Construction has begun on a 615,000-square-foot expansion of its plant in Wusha, near corporate headquarters in Shunde.

Wusha’s 250,000-square-foot phase 1 began production in 2016. Currently, it makes electric injection molding machines and high-speed packaging systems, which include both machines and molds. Yizumi said it’s steadily ramping up production.

When completed next year, production capacity of the Wusha plant will be about 2.2 billion yuan ($350 million).

In other production news, Yizumi plans to move production of two-platen machines to its Wujiang factory by midyear. When the move is complete, the plant will be able to manufacture 500 million yuan ($79 million) in two-platen machines and 200 million yuan ($32 million) in robotic equipment annually.
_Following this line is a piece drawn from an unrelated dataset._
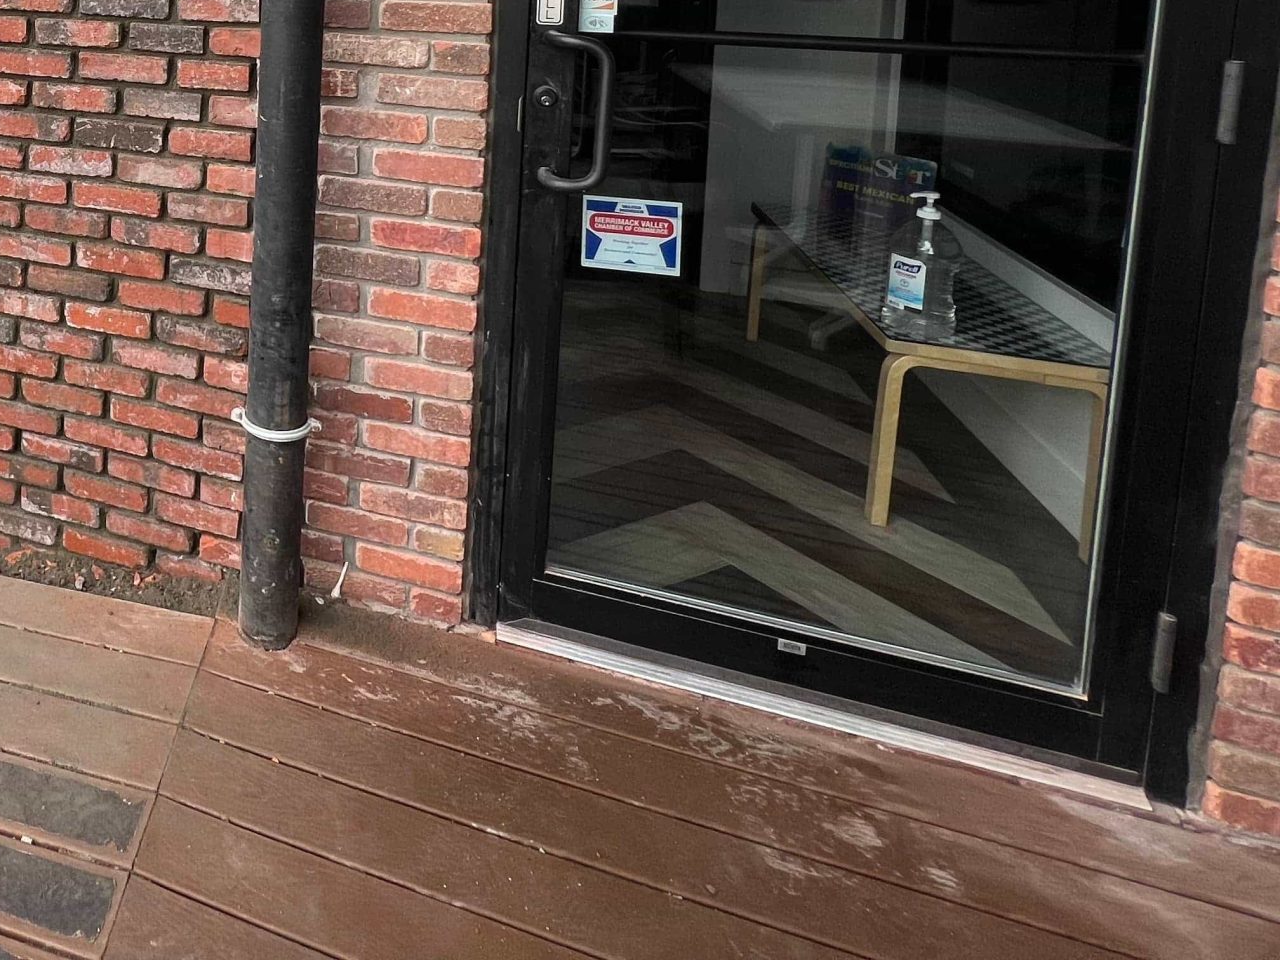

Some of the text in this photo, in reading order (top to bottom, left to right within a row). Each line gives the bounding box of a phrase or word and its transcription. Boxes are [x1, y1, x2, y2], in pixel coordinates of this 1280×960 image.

[836, 180, 860, 192] BEST
[862, 186, 916, 205] MEXICAN
[594, 216, 670, 229] MERRIMACK VALLEY
Yizumi said it also plans to produce 200 to 250 injection molding machines at its India plant, which began operation in June 2017.

In October, Yizumi-HPM opened its 250,000-square-foot, $1.8 million headquarters in Iberia. The facility supports technical sales and service.

In nearby Marion, Yizumi-HPM is leasing the former HPM Remanufacturing building to rebuild and refurbish machines and handle big new machines from China.

Yizumi-HPM has 20 full-time staff, including four engineers.

Founded in 1877 to make apple presses, HPM later became one of the first U.S. makers of injection molding machines. It also made die-casting machines and sheet extrusion lines. It went bankrupt and shuttered its Mount Gilead, Ohio, factory in 2009.

In 2016, Yizumi’s global sales grew 21.3 percent to 1.443 billion yuan ($228 million). Exports for the year totaled 270 million yuan ($43 million), up 36.9 percent from the previous year. Key export markets are Turkey, South Korea and Southeast Asia.

R&D expenditures for the year were 81.5 million yuan ($12.9 million).

Founded in 2002, Yizumi went public in 2015, with its shares listed on the Shenzhen and Shanghai exchanges. The company also makes die casting and rubber injection machines.